Three major auto manufacturers and the Miller Brewing Co. have pulled their ads from the telecasts of the replacement games. "The fans are not buying these second-rate games and neither are the advertisers," said union spokesman Frank Woschitz.

Lawrence Taylor, the star linebacker of the Super Bowl-champion New York Giants, said he considered playing this weekend but also will wait until at least Monday before going back to work. "I'm just thinking of doing what I have to do to retain my sanity," Taylor said. "Hopefully, it can be worked out before I have to make that decision but if not, I'll have to make my own."

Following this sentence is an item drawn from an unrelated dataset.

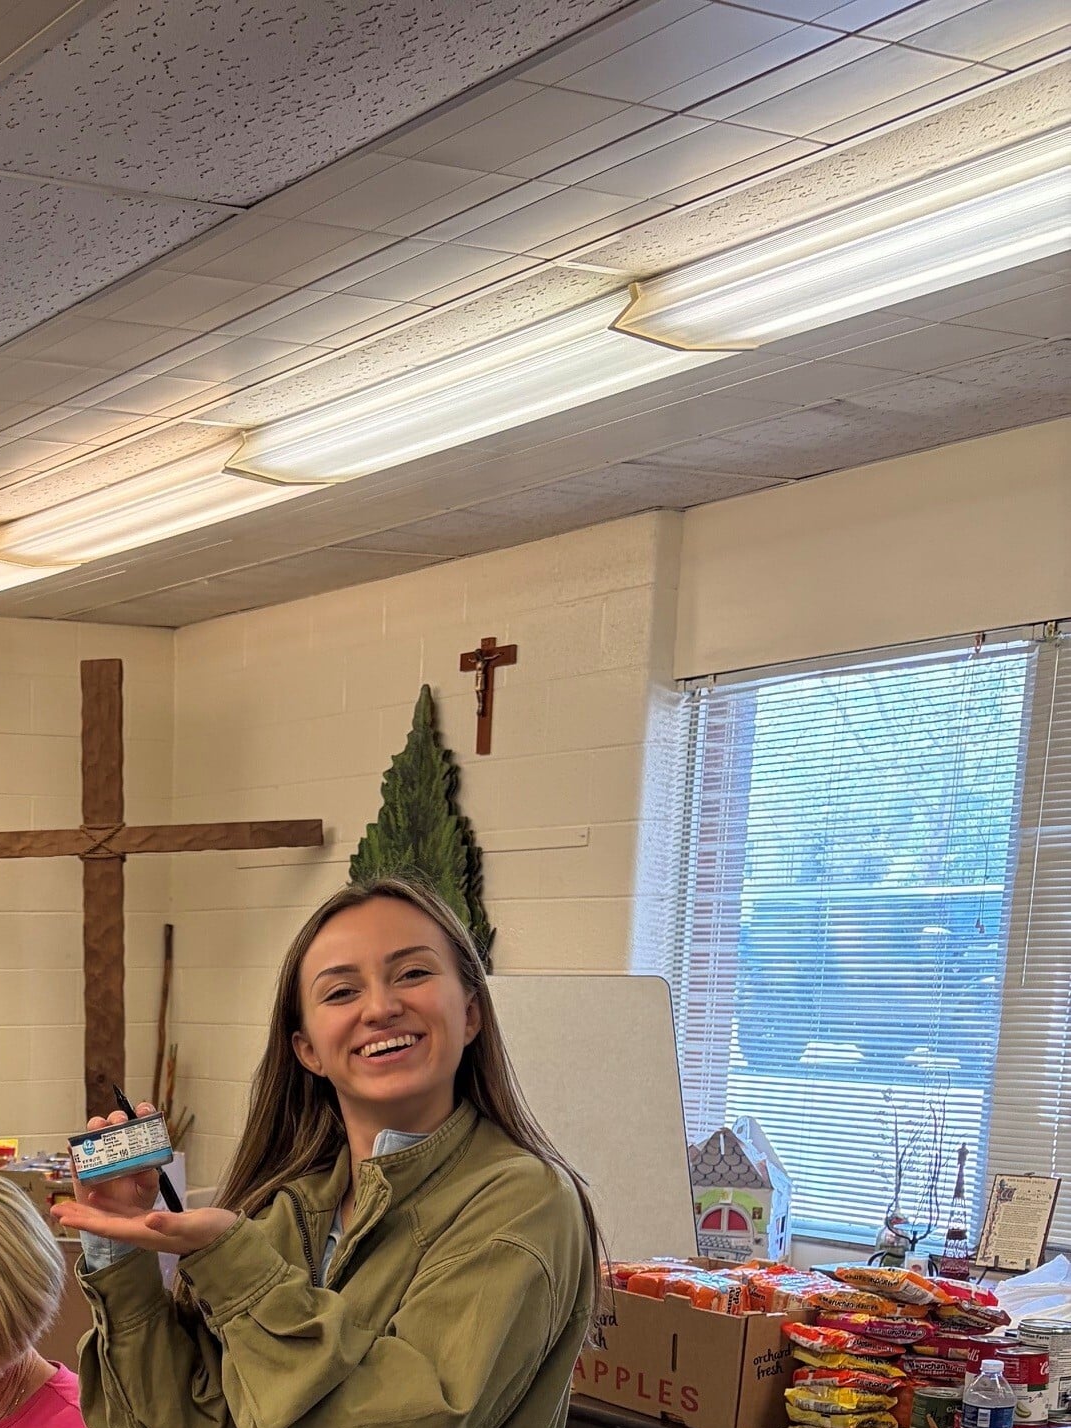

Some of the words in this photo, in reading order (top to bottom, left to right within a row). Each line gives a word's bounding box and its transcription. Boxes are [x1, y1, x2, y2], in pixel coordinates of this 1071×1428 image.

Meanwhile, in Dallas, two more Cowboys starters, Jones and wide receiver Mike Renfro, returned to the club, making them the fifth and sixth Cowboys starters to break from the union ranks. New England offensive linemen Sean Farrell and Wooten joined Clayborn in returning to New England.

In New York, where striking Jets fought with picket line-crosser Mark Gastineau earlier this week, three starters returned, including defensive linemen Joe Klecko and Marty Lyons. Defensive lineman Willie Broughton became the third member of the Indianapolis Colts to cross.

Five Denver Broncos came in, including Watson and starting linebacker Jim Ryan. Also joining the replacement team were defensive lineman Walt Bowyer, tight end Bobby Micho and offensive lineman Winford Hood.

And in Anaheim, Calif., five Rams returned, including four defensive starters: safety Nolan Cromwell, linebacker Jim Collins and defensive linemen Shawn Miller and Greg Meisner. Along with punter Dale Hatcher, nine Rams from the regular roster have reported back to camp. The Cardinals reported 14 regulars back. In Atlanta, linebackers Tim Green and Joe Costello became the first two Falcons to cross the line.